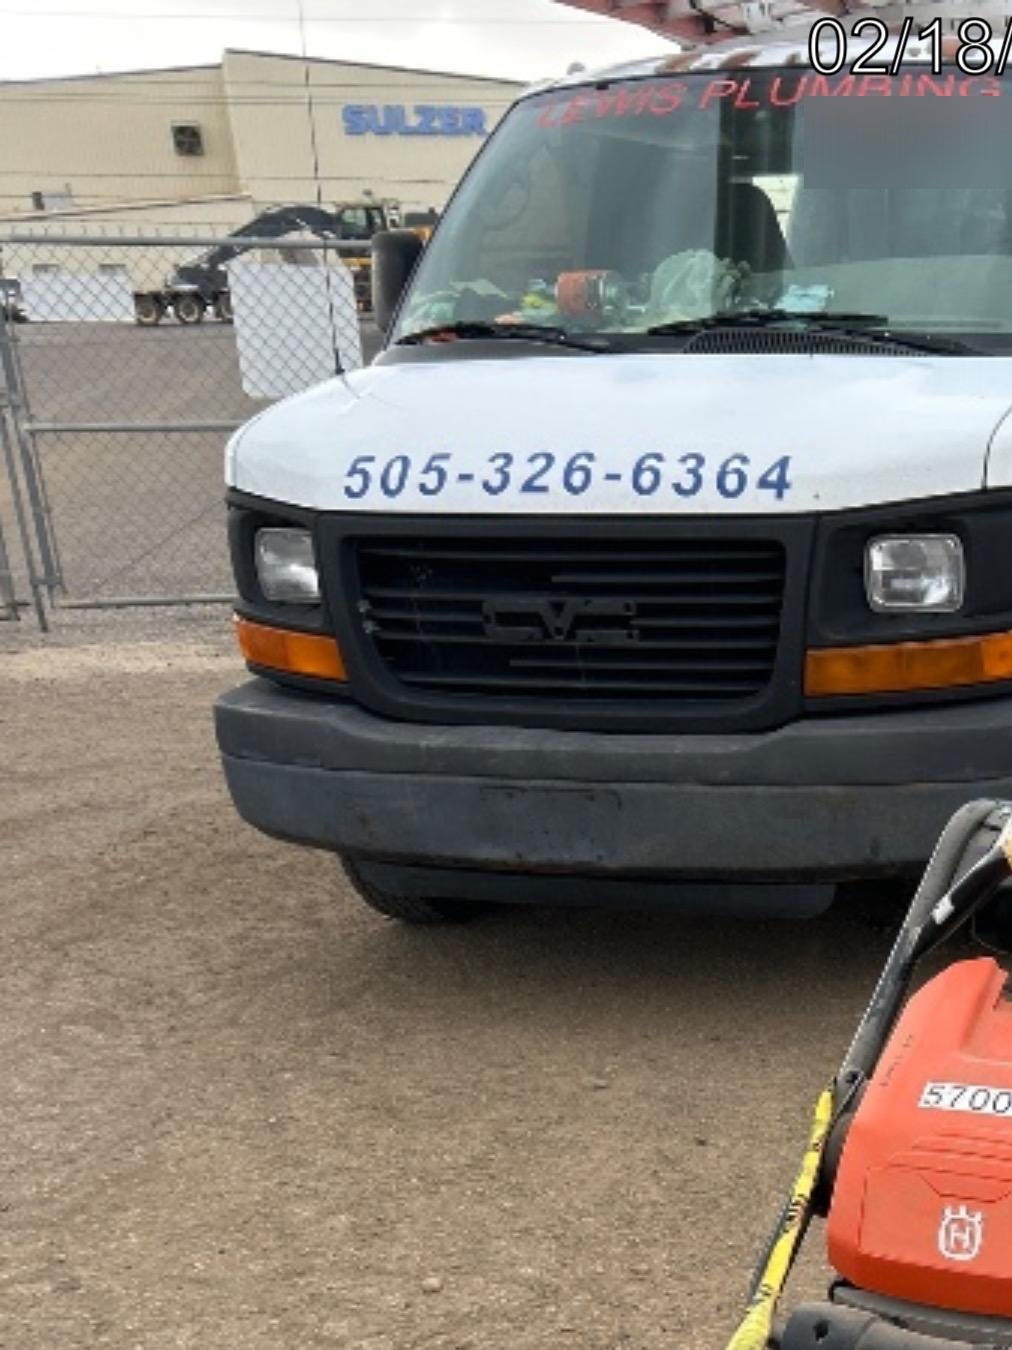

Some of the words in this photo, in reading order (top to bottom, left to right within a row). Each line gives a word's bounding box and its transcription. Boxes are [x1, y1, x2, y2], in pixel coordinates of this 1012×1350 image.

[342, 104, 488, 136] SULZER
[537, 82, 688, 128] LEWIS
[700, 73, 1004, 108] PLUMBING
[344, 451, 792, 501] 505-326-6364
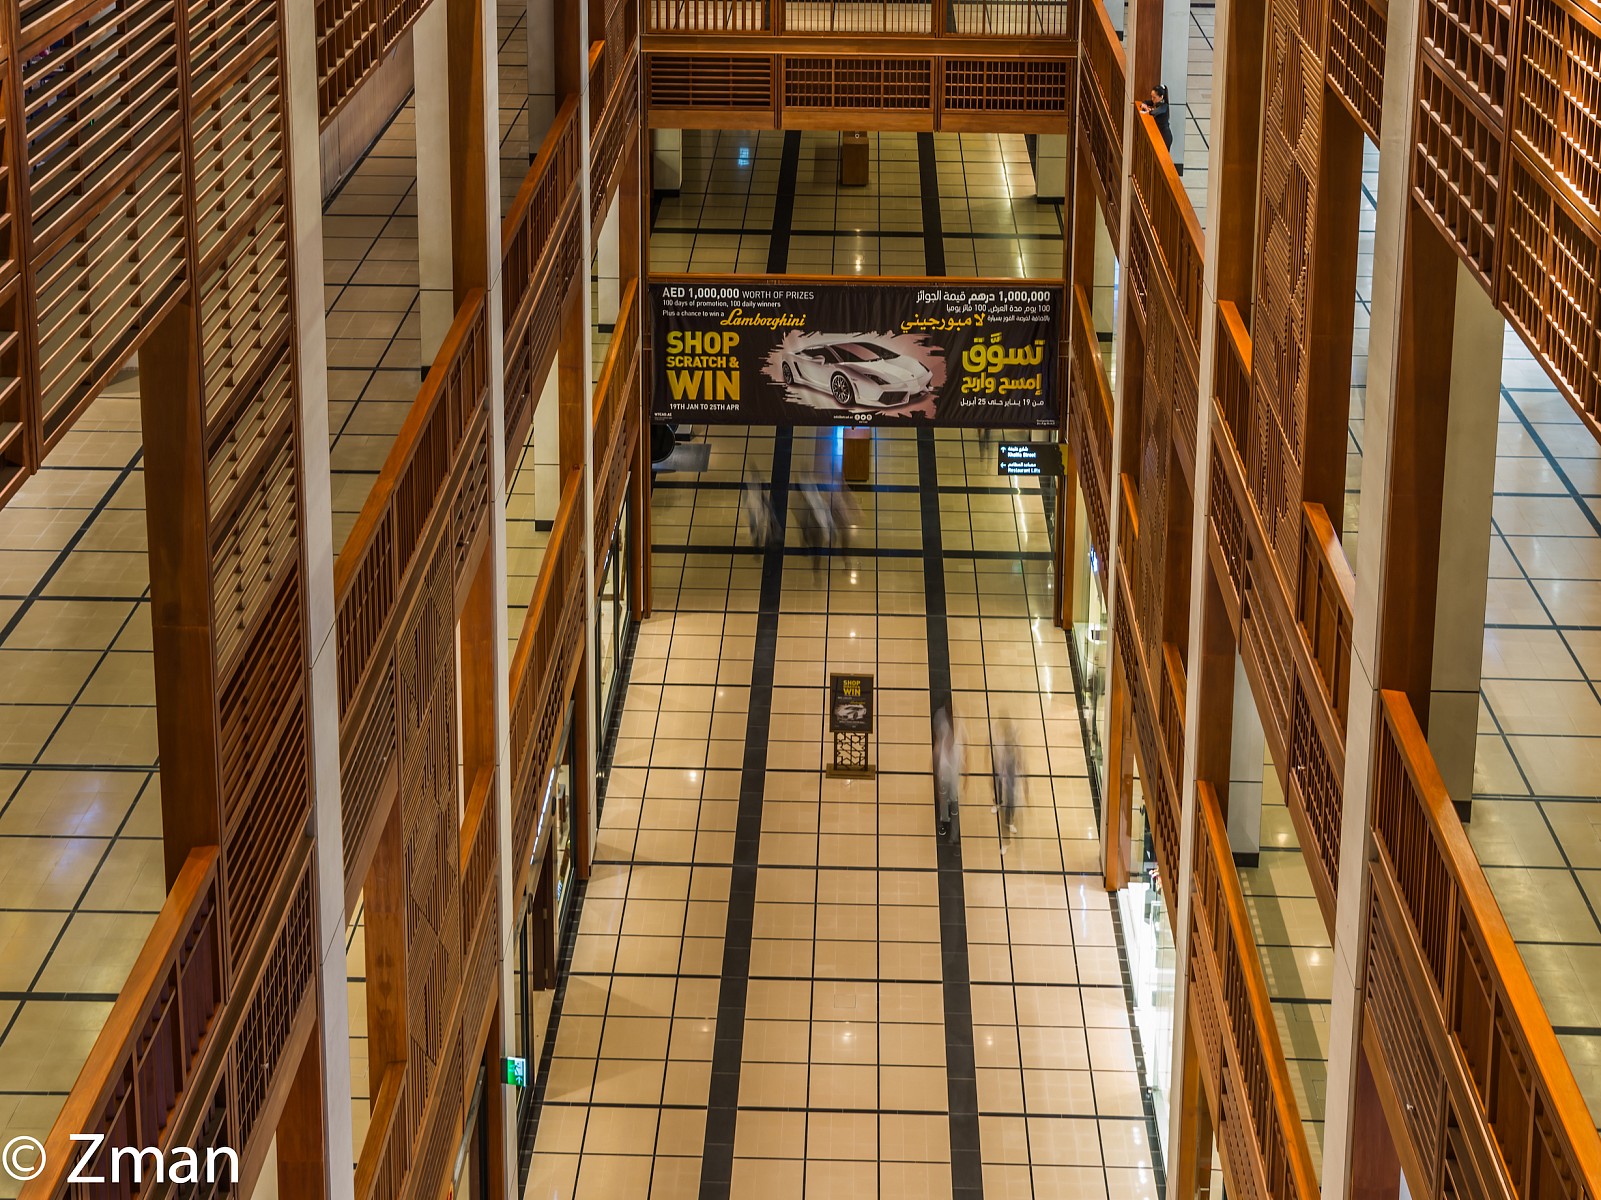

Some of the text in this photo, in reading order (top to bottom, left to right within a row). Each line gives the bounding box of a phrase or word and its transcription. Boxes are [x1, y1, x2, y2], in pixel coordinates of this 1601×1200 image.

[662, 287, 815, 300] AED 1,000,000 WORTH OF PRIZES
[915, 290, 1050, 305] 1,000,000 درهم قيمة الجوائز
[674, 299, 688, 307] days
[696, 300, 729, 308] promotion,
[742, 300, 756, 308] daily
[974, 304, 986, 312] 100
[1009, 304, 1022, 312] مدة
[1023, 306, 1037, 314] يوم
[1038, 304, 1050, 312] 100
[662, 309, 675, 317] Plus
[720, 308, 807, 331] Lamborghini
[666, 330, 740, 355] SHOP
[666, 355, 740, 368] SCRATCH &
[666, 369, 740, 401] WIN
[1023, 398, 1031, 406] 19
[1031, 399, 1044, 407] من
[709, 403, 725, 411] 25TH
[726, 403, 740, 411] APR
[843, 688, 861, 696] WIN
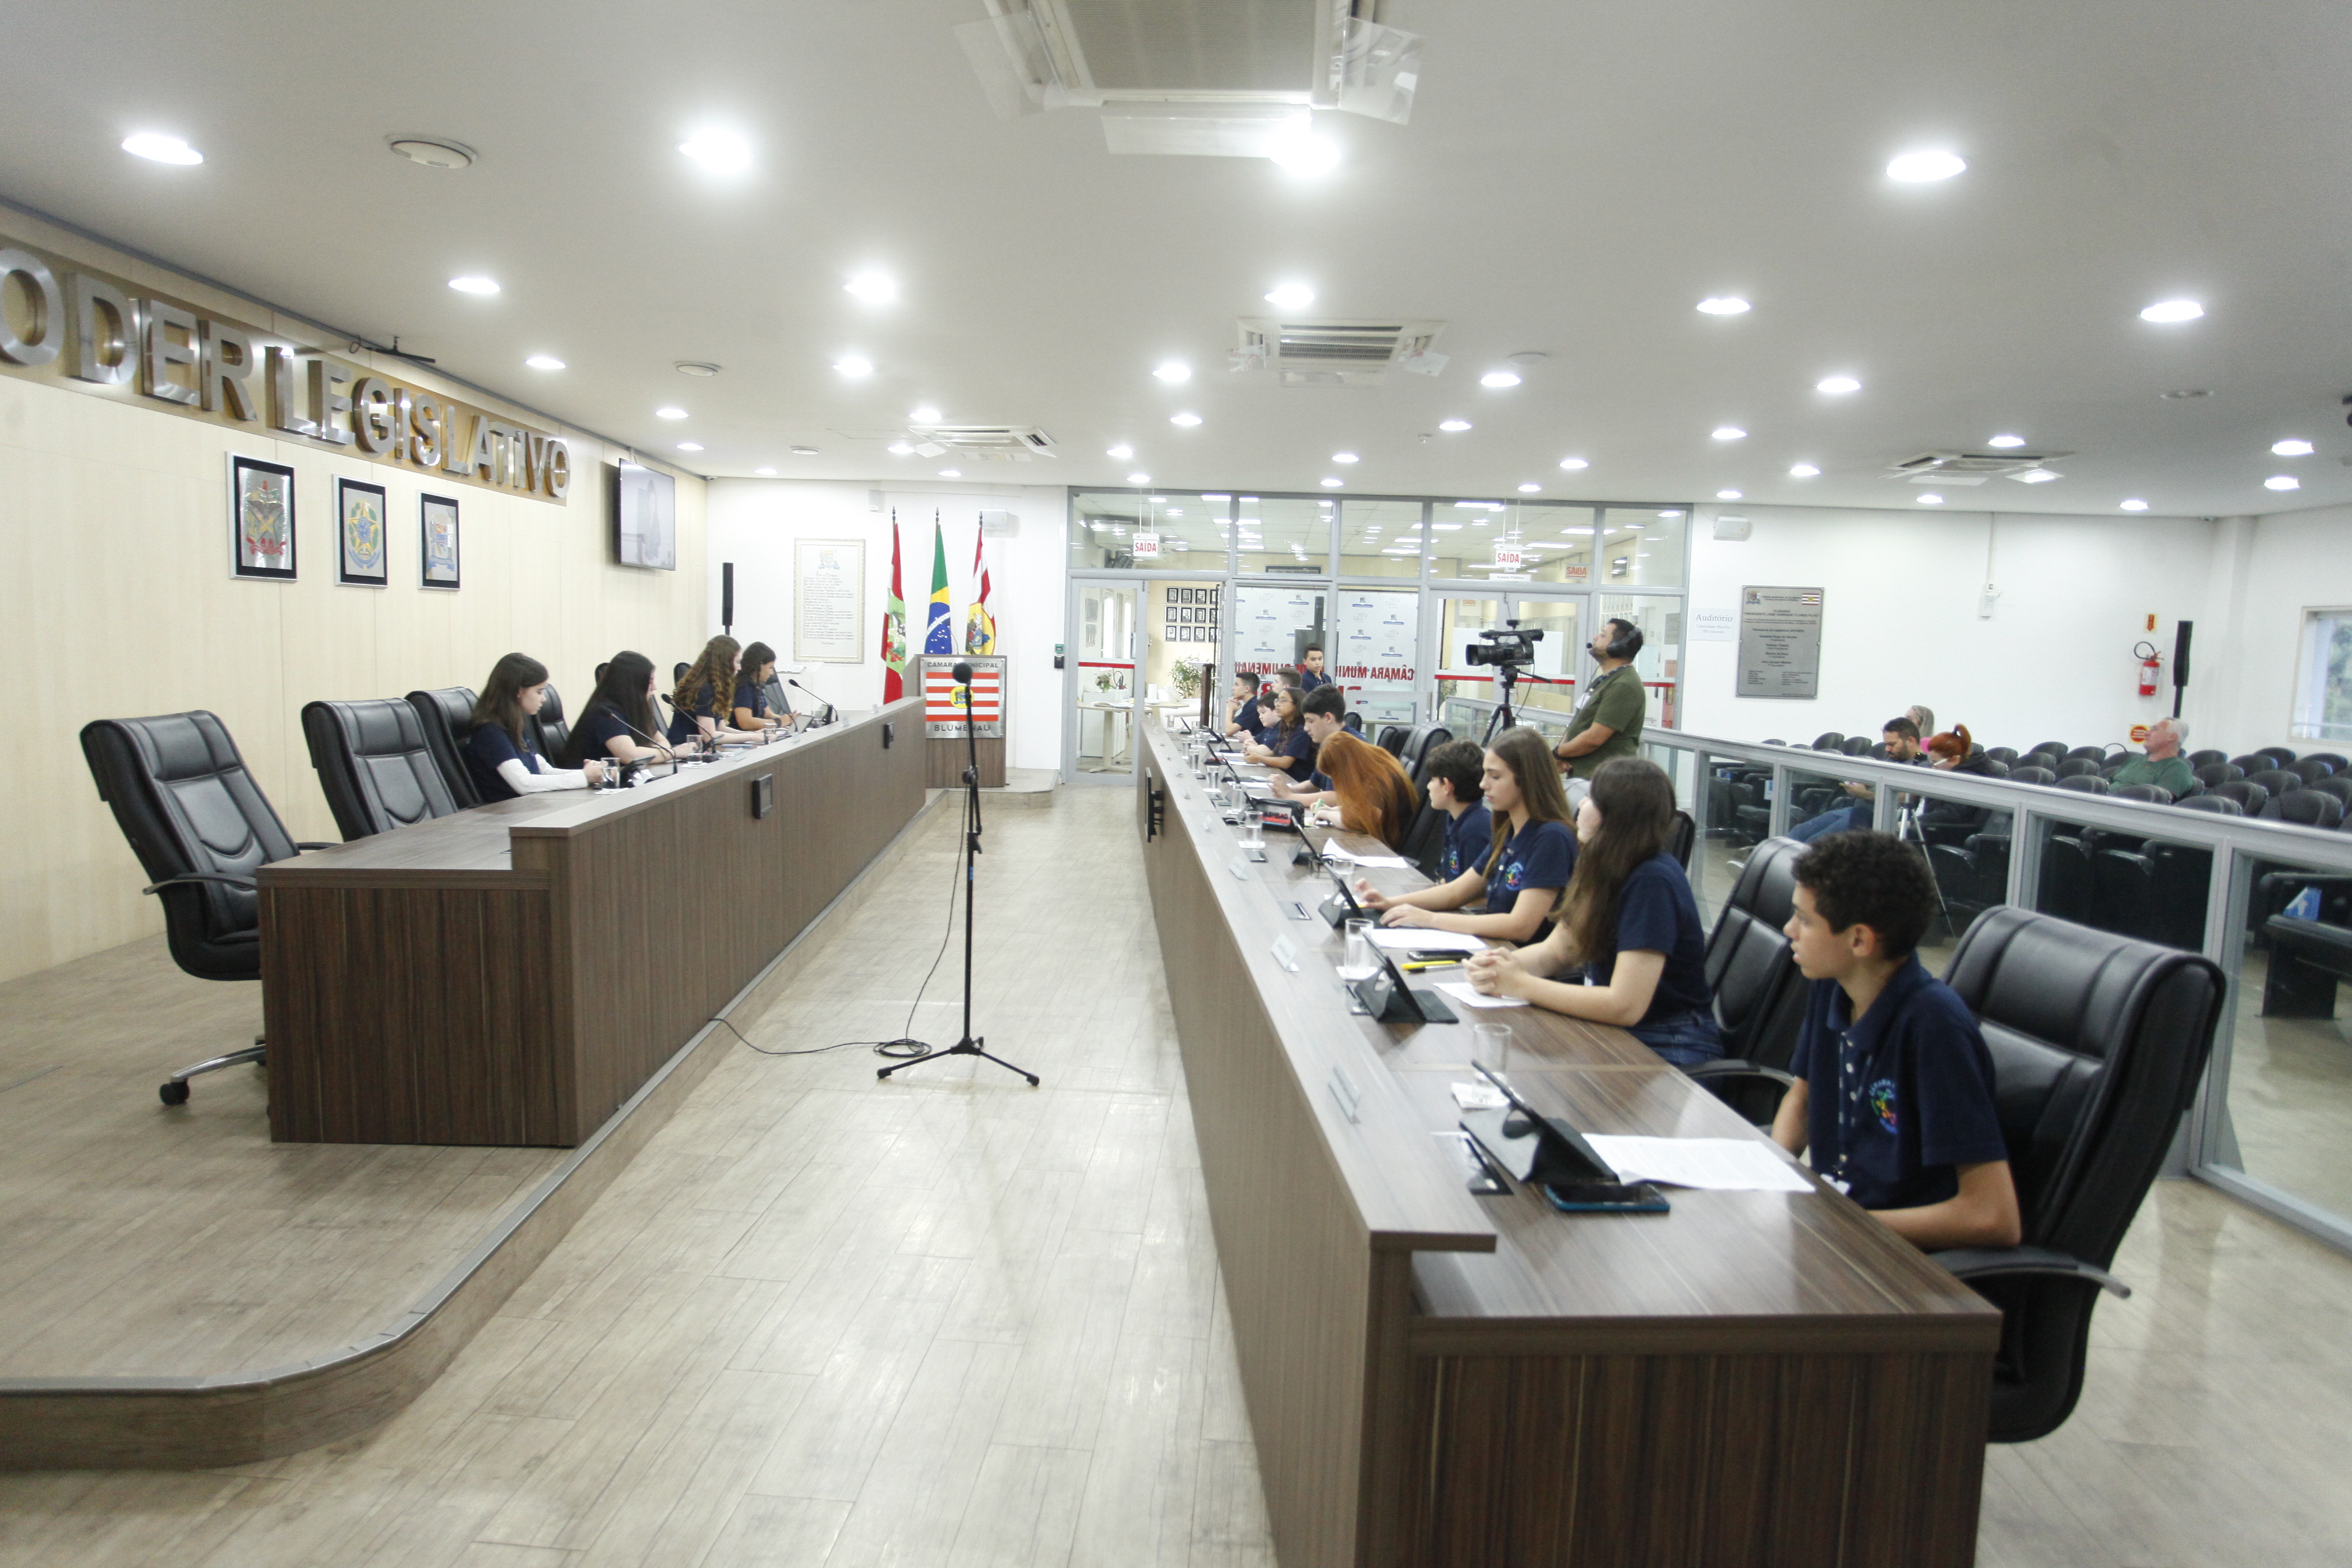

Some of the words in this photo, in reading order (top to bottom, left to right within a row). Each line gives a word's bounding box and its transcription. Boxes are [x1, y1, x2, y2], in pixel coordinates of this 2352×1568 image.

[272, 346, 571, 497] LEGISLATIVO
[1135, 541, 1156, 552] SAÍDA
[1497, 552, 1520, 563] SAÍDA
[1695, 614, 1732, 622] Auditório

★ ★ ★ ★ ★

**Problem to solve**
Each line above should be written out again exactly, and no picture should appear in the copy.

**Reply**
Some of the words in this photo, in reading order (top to bottom, left to right within a row). Each line gives a word's bounding box and its transcription. Boxes are [x1, y1, x2, y2], in pixel coordinates of this 1012×1350 image.

[342, 104, 488, 136] SULZER
[537, 82, 688, 128] LEWIS
[700, 73, 1004, 108] PLUMBING
[344, 451, 792, 501] 505-326-6364

Some of the text in this photo, in reading order (top to bottom, left to right within a row). Each line gives the bounding box of a phrase or word and its transcription. Boxes are [x1, y1, x2, y2], in pixel coordinates of this 1601×1200 image.

[662, 287, 815, 300] AED 1,000,000 WORTH OF PRIZES
[915, 290, 1050, 305] 1,000,000 درهم قيمة الجوائز
[674, 299, 688, 307] days
[696, 300, 729, 308] promotion,
[742, 300, 756, 308] daily
[974, 304, 986, 312] 100
[1009, 304, 1022, 312] مدة
[1023, 306, 1037, 314] يوم
[1038, 304, 1050, 312] 100
[662, 309, 675, 317] Plus
[720, 308, 807, 331] Lamborghini
[666, 330, 740, 355] SHOP
[666, 355, 740, 368] SCRATCH &
[666, 369, 740, 401] WIN
[1023, 398, 1031, 406] 19
[1031, 399, 1044, 407] من
[709, 403, 725, 411] 25TH
[726, 403, 740, 411] APR
[843, 688, 861, 696] WIN

Some of the words in this photo, in reading order (top to bottom, left to right within a row). Each line gives a word's bounding box and its transcription. Boxes are [x1, y1, x2, y2], in pixel coordinates of this 2352×1568 image.

[272, 346, 571, 497] LEGISLATIVO
[1135, 541, 1156, 552] SAÍDA
[1497, 552, 1520, 563] SAÍDA
[1695, 614, 1732, 622] Auditório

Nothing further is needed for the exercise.